What this task involves
Please repeat the data below exactly, with the pictures removed.

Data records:
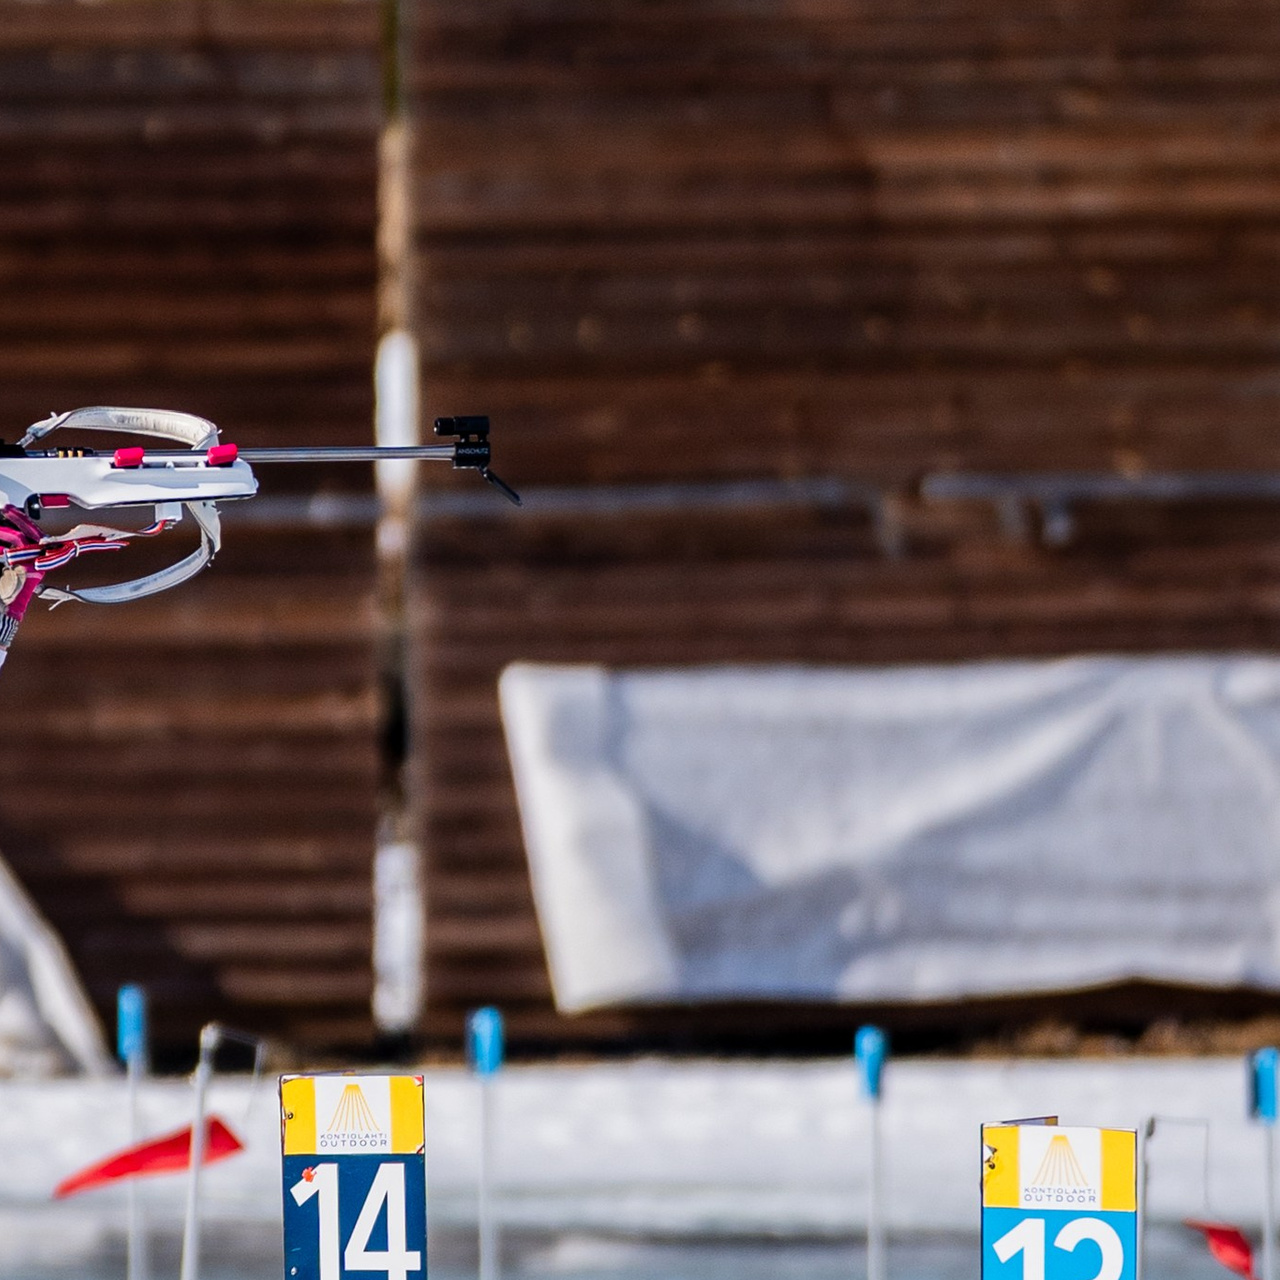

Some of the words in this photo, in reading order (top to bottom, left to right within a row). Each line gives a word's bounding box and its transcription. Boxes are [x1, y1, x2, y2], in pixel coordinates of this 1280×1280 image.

[320, 1132, 388, 1140] KONTIOLAHTI
[320, 1139, 388, 1148] OUTDOOR
[1024, 1186, 1097, 1195] KONTIOLAHTI
[1023, 1193, 1097, 1203] OUTDOOR

Result of this exercise
Some of the words in this photo, in reading order (top to bottom, left to right within a row). Each line gives a word's bounding box and its transcription. Boxes are [x1, y1, x2, y2], in pixel coordinates of this 1280×1280 image.

[320, 1132, 388, 1140] KONTIOLAHTI
[320, 1139, 388, 1148] OUTDOOR
[1024, 1186, 1097, 1195] KONTIOLAHTI
[1023, 1193, 1097, 1203] OUTDOOR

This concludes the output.